Former ACS President Dr Ian Oppermann will play a key role in consumer protection and competition policy, having been appointed to a five-year position as one of four commissioners at watchdog the Australian Competition & Consumer Commission (ACCC).
He will take the place of commissioner Peter Crone, an experienced economist who was appointed in 2020 and chaired the organisation’s Digital ID and Consumer Data Right (CDR) Committee but opted not to renew his contract for a second term.
Valuable experience
Oppermann – who has an MBA from the University of London and a PhD in Mobile Telecommunications from the University of Sydney – was the inaugural NSW Government chief data scientist, helping establish the NSW Data Analytics Centre in 2015.
He stayed in that role for nearly eight years, during which time he also spent three years as Vice President of the ACS Technical Advisory Board, chaired the Telecommunications Board and served as ACS President from 2020 to 2021 – steering it through COVID-19’s disruption.
More recently, Oppermann was Data Standards’ chair for Digital ID and CDR, building specialised skills that will inform his work at the ACCC – whose CDR Committee manages accreditation of data recipients, compliance and enforcement, and exemption requests.
A fellow of the Institute of Engineers Australia, IEEE, Australian Academy of Technological Sciences and Engineering and Royal Society of NSW, Oppermann has co-authored over 120 papers and contributed to six books, and is president of the IEC’s JTC1 advisory committee.
His expertise and achievements, which also include work around smart cities and the NSW AI Assurance Framework and presidency of the IEC’s Australia National Committee, secured him a spot on the global 2022 Top 100 Innovators in Data and Analytics list.
The newly appointed commissioner will bring “technological and data acumen, including around the use of AI in government,” ACCC chair Gina Cass-Gottlieb said in announcing Oppermann’s appointment.
Calling him “a respected thought leader in the digital economy,” she continued, “his contributions will be invaluable in helping to drive innovation at the ACCC and our data-driven approach to regulation.”
Setting the pace for the next five years
ACCC policy is led by an ACCC Commission comprising a chair, two deputy chairs, and four commissioners, with seven sub-committees overseeing enforcement, merger reviews, telecoms competition, infrastructure access, compliance and product safety, and more.
Oppermann’s appointment comes as ACCC ramps up pressure on the digital services and telecoms markets, with its five-year Digital Platform Services Inquiry recently concluding, supermarkets scrutinised and major fines levied against Telstra, Google, Qantas, and Optus.
It has cracked down on business misrepresentation and anti-consumer practices, and pursued increasingly aggressive enforcement of CDR policies, fining the NAB $751,200 in June for inaccurate CDR data and the Bank of Queensland $133,200 for breaking CDR rules.
Oppermann’s experience with CDR – and his ongoing interest in its success – will make him a key support for such enforcement efforts, as well as ongoing work to bolster wan take-up of the service by making the technical framework more flexible and responsive.
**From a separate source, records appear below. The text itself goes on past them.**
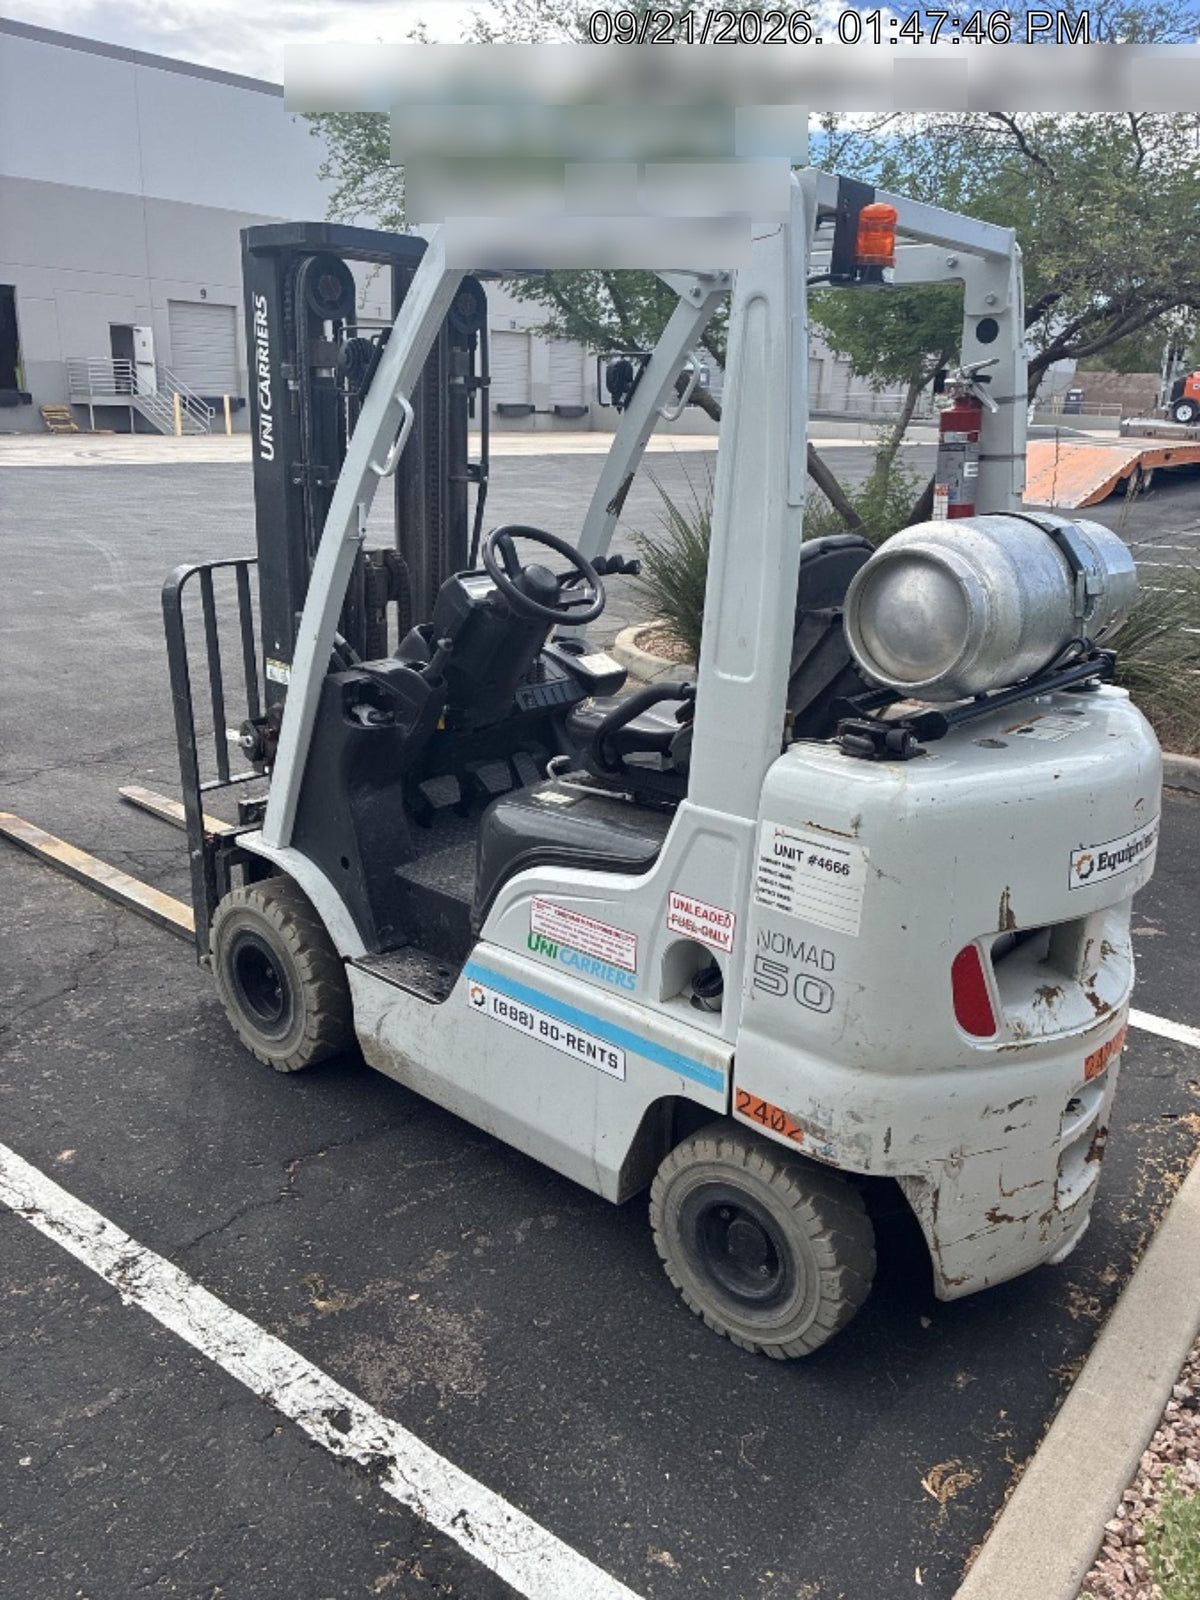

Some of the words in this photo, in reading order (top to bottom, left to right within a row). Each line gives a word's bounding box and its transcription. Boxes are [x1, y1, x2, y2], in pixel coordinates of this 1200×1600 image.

[774, 843, 805, 863] UNIT
[807, 854, 851, 877] #4666
[672, 897, 733, 929] UNLEADED
[699, 926, 731, 944] ONLY
[757, 928, 835, 972] NOMAD
[753, 955, 835, 1014] 50
[493, 997, 534, 1030] (888)
[540, 1020, 619, 1070] 80-RENTS
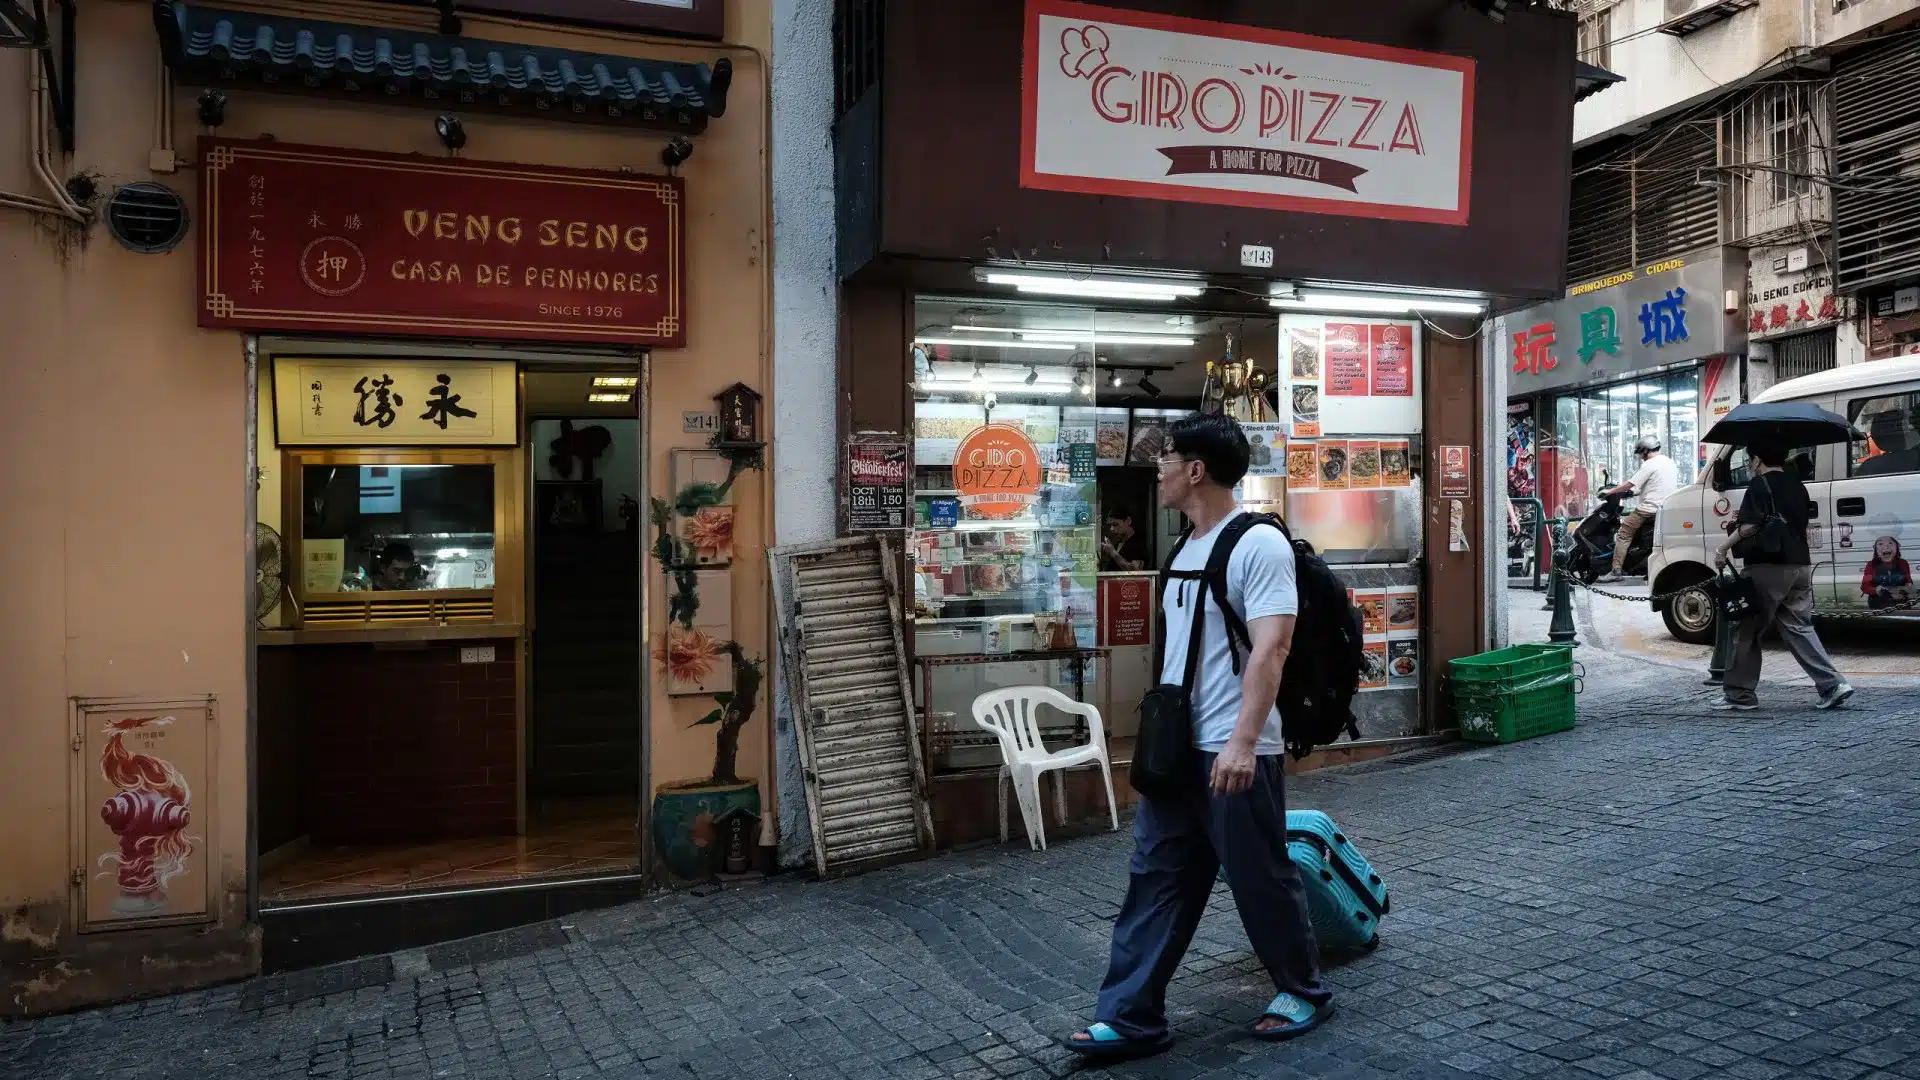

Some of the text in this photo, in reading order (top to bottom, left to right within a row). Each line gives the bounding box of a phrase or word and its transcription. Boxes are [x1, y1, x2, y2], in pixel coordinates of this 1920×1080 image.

CDR is just one of many ACCC priorities outlined by Cass-Gottlieb in a wide ranging speech earlier this year, in which she spoke of “concerning conduct” by digital giants, consumers hurt by market power abuses, and a “robust pipeline of matters under investigation”.
“Our complementary mandates across competition, fair trading and consumer law compliance and enforcement,” she said, “support the community to participate with trust and confidence in commercial life and promote proper functioning of Australian markets.”
As well as welcoming Oppermann, ACCC reappointed commissioner Anna Brakey, a career economist who chairs its Infrastructure and Communications Committee and Energy Markets Board and is deputy chair of the Water and Agriculture Committee.